Directions:
Nothing in the entries may change when they are transcribed.

Task inputs:
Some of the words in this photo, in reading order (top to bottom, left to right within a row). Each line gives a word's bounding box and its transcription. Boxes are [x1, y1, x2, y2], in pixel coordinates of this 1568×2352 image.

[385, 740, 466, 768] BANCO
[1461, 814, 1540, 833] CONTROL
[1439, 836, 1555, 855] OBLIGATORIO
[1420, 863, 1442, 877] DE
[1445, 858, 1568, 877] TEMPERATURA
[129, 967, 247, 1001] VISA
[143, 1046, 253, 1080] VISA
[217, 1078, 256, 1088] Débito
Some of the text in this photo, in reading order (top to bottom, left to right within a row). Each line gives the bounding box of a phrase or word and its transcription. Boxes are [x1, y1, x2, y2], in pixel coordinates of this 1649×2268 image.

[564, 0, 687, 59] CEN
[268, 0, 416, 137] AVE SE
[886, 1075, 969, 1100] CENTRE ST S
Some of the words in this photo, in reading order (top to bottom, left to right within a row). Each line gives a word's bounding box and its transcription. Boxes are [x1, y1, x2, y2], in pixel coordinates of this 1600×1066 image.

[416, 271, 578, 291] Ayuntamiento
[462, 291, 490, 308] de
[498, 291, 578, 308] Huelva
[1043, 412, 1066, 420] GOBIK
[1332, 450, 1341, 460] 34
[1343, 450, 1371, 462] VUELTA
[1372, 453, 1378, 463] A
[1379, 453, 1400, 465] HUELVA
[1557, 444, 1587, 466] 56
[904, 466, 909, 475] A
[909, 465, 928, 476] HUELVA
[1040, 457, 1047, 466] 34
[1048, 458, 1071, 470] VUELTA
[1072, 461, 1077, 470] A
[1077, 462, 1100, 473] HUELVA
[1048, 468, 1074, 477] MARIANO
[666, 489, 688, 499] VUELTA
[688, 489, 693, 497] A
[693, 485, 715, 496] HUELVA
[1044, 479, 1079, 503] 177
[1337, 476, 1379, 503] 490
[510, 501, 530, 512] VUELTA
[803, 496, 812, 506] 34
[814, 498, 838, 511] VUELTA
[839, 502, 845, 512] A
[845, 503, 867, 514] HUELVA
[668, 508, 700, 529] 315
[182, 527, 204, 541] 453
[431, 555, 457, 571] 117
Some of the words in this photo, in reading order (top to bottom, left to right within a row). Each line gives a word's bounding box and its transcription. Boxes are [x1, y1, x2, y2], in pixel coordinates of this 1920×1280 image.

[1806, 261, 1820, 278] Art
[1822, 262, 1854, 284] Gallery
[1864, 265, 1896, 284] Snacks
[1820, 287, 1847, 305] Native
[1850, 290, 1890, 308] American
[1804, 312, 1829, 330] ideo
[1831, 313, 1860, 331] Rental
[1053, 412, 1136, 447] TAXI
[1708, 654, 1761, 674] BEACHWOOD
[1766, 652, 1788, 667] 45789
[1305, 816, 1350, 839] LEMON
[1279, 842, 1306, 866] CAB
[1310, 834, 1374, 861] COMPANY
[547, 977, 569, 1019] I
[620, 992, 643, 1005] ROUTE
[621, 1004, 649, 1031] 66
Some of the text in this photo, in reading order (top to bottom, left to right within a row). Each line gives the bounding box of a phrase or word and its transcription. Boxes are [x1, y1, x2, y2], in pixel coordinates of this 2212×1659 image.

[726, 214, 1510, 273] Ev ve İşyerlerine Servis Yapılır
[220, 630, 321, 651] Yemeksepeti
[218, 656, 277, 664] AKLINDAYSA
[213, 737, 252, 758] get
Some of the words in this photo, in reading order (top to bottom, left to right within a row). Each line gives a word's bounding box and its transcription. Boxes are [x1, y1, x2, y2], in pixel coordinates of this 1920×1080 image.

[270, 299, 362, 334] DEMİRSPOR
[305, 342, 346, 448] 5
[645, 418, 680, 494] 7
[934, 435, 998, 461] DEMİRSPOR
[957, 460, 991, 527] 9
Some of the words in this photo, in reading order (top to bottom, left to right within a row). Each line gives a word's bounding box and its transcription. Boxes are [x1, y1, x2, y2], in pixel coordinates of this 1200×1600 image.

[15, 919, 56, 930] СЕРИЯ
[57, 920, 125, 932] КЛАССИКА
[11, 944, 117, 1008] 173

Result below:
Some of the words in this photo, in reading order (top to bottom, left to right within a row). Each line gives a word's bounding box and its transcription. Boxes are [x1, y1, x2, y2], in pixel coordinates of this 1568×2352 image.

[385, 740, 466, 768] BANCO
[1461, 814, 1540, 833] CONTROL
[1439, 836, 1555, 855] OBLIGATORIO
[1420, 863, 1442, 877] DE
[1445, 858, 1568, 877] TEMPERATURA
[129, 967, 247, 1001] VISA
[143, 1046, 253, 1080] VISA
[217, 1078, 256, 1088] Débito
Some of the text in this photo, in reading order (top to bottom, left to right within a row). Each line gives the bounding box of a phrase or word and its transcription. Boxes are [x1, y1, x2, y2], in pixel coordinates of this 1649×2268 image.

[564, 0, 687, 59] CEN
[268, 0, 416, 137] AVE SE
[886, 1075, 969, 1100] CENTRE ST S
Some of the words in this photo, in reading order (top to bottom, left to right within a row). Each line gives a word's bounding box and its transcription. Boxes are [x1, y1, x2, y2], in pixel coordinates of this 1600×1066 image.

[416, 271, 578, 291] Ayuntamiento
[462, 291, 490, 308] de
[498, 291, 578, 308] Huelva
[1043, 412, 1066, 420] GOBIK
[1332, 450, 1341, 460] 34
[1343, 450, 1371, 462] VUELTA
[1372, 453, 1378, 463] A
[1379, 453, 1400, 465] HUELVA
[1557, 444, 1587, 466] 56
[904, 466, 909, 475] A
[909, 465, 928, 476] HUELVA
[1040, 457, 1047, 466] 34
[1048, 458, 1071, 470] VUELTA
[1072, 461, 1077, 470] A
[1077, 462, 1100, 473] HUELVA
[1048, 468, 1074, 477] MARIANO
[666, 489, 688, 499] VUELTA
[688, 489, 693, 497] A
[693, 485, 715, 496] HUELVA
[1044, 479, 1079, 503] 177
[1337, 476, 1379, 503] 490
[510, 501, 530, 512] VUELTA
[803, 496, 812, 506] 34
[814, 498, 838, 511] VUELTA
[839, 502, 845, 512] A
[845, 503, 867, 514] HUELVA
[668, 508, 700, 529] 315
[182, 527, 204, 541] 453
[431, 555, 457, 571] 117
Some of the words in this photo, in reading order (top to bottom, left to right within a row). Each line gives a word's bounding box and its transcription. Boxes are [x1, y1, x2, y2], in pixel coordinates of this 1920×1280 image.

[1806, 261, 1820, 278] Art
[1822, 262, 1854, 284] Gallery
[1864, 265, 1896, 284] Snacks
[1820, 287, 1847, 305] Native
[1850, 290, 1890, 308] American
[1804, 312, 1829, 330] ideo
[1831, 313, 1860, 331] Rental
[1053, 412, 1136, 447] TAXI
[1708, 654, 1761, 674] BEACHWOOD
[1766, 652, 1788, 667] 45789
[1305, 816, 1350, 839] LEMON
[1279, 842, 1306, 866] CAB
[1310, 834, 1374, 861] COMPANY
[547, 977, 569, 1019] I
[620, 992, 643, 1005] ROUTE
[621, 1004, 649, 1031] 66
Some of the text in this photo, in reading order (top to bottom, left to right within a row). Each line gives the bounding box of a phrase or word and its transcription. Boxes are [x1, y1, x2, y2], in pixel coordinates of this 2212×1659 image.

[726, 214, 1510, 273] Ev ve İşyerlerine Servis Yapılır
[220, 630, 321, 651] Yemeksepeti
[218, 656, 277, 664] AKLINDAYSA
[213, 737, 252, 758] get
Some of the words in this photo, in reading order (top to bottom, left to right within a row). Each line gives a word's bounding box and its transcription. Boxes are [x1, y1, x2, y2], in pixel coordinates of this 1920×1080 image.

[270, 299, 362, 334] DEMİRSPOR
[305, 342, 346, 448] 5
[645, 418, 680, 494] 7
[934, 435, 998, 461] DEMİRSPOR
[957, 460, 991, 527] 9
Some of the words in this photo, in reading order (top to bottom, left to right within a row). Each line gives a word's bounding box and its transcription. Boxes are [x1, y1, x2, y2], in pixel coordinates of this 1200×1600 image.

[15, 919, 56, 930] СЕРИЯ
[57, 920, 125, 932] КЛАССИКА
[11, 944, 117, 1008] 173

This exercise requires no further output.